The change being considered is moving EOSDIS data to the cloud. This move would not only be a logical technical evolution for EOSDIS, but also a proactive effort to provide broader acces to a data archive that is expected to grow significantly over the next several years.
Between 2017 and 2022, the ingest rate of data into the EOSDIS archive is projected to grow from the current 3.9 petabytes (PB) per year to as much as 47.7 PB per year, according to estimates from NASA’s Earth Science Data Systems Program. As this ingest rate increases, the volume of data in the EOSDIS archive also is expected to grow—from nearly 22 PB today to more than 37 PB by 2020; by 2025, the volume of data in the EOSDIS archive is expected to be more than 246 PB.
This anticipated growth in both the EOSDIS data ingest rate as well as th overall archive volume pose new challenges for distributing and analyzing data that currently are stored and disseminated through physical servers on-premises at EOSDIS Distributed Active Archive Centers (DAACs). To address these challenges, EOSDIS is examining the effectiveness of using a commercial cloud to ingest, archive, process, distribute, and manage the anticipated large volumes of new mission data. Placing the EOSDIS archive collectively in the cloud will, for the first time, place NASA EO data “close to compute” and improve management and accessibility of these data while also expediting science discovery for data users. Key EOSDIS services such as the Common Metadata Repository (CMR) and Earthdata Search already are in the cloud; moving EOSDIS data to the cloud is a logical next step in this evolution.
EOSDIS has numerous motivations for investigating the use of the cloud for NASA EO data, including:
- The expected significant growth of data in the EOSDIS archive and the NASA requirement to provide these data efficiently and rapidly to worldwide data users;
- The need for EOSDIS to have a cost effective, flexible, and scalable data system with ingest, archive, processing, and distribution solutions that can keep pace with mission advancements and capabilities; and
- The need for data users to efficiently access and process significantly larger data volumes from multiple sources.
The complexity of EO data makes it impossible to simply move these data en masse into the cloud.
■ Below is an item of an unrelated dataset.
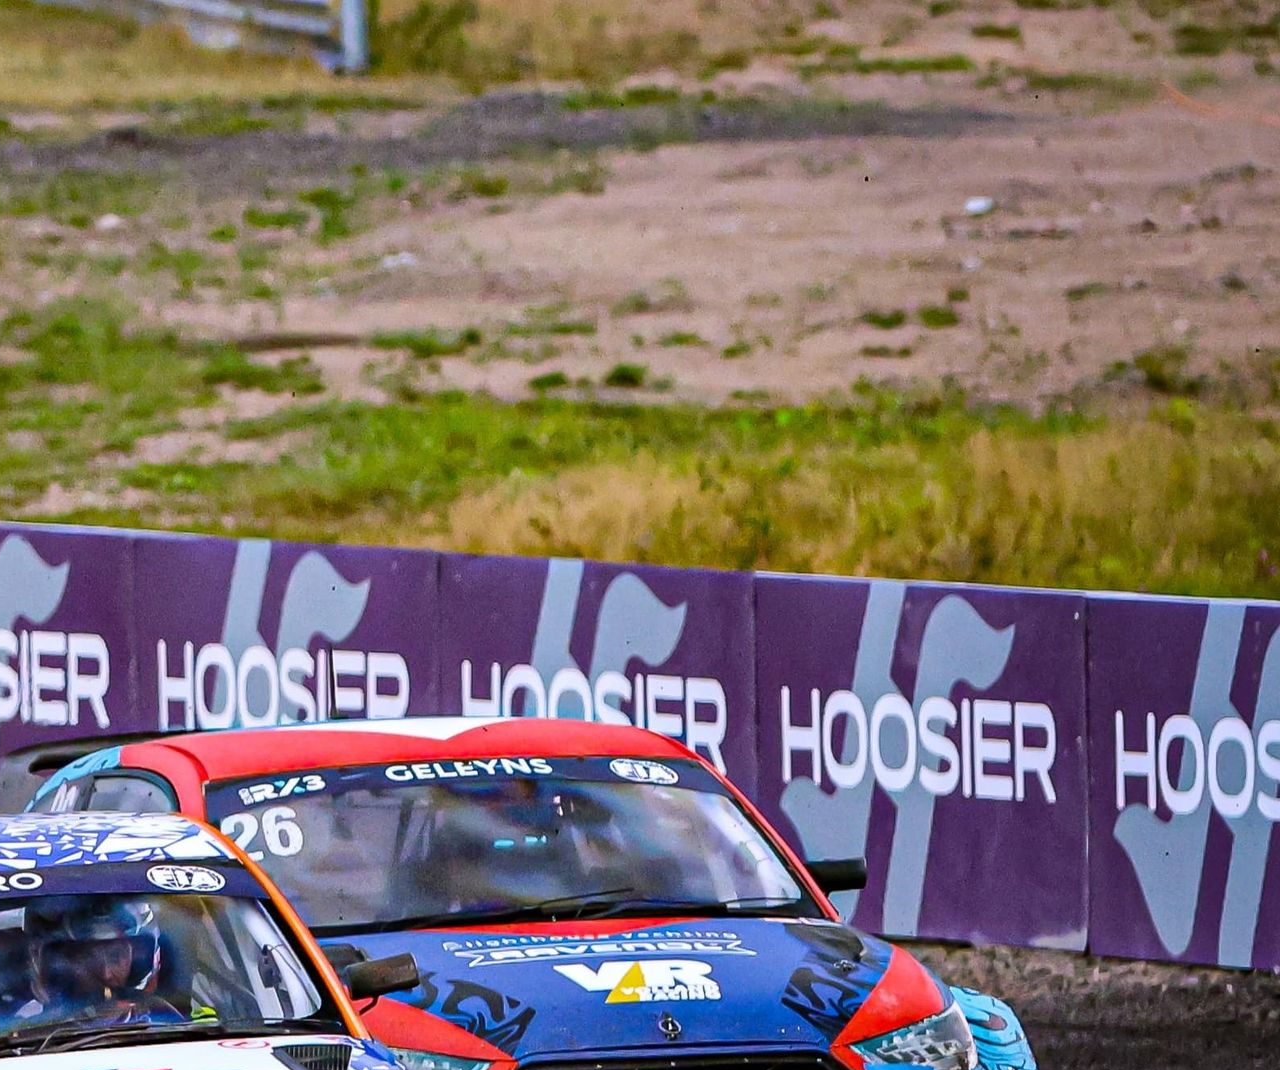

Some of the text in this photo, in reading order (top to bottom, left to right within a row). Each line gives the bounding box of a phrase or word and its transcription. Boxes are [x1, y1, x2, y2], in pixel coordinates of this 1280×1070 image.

Rather, the EOSDIS is developing new technologies, services, and architectures—all of which must be thoroughly tested and evaluated—to ensure that these data can work seamlessly in this environment.
Before looking at the potential benefits the cloud brings to EOSDIS and EOSDIS data users, it is important to understand what is meant by “cloud computing.” The National Institute of Standards and Technology (NIST) defines cloud computing as “a model for enabling ubiquitous, convenient, on-demand network access to a shared pool of configurable computing resources (e.g., networks, servers, storage, applications, and services) that can be rapidly provisioned and released with minimal management effort or service provider interaction.” As NIST notes, cloud computing includes five essential characteristics: on-demand self-service, broad network access, resource pooling, rapid elasticity, and measured service.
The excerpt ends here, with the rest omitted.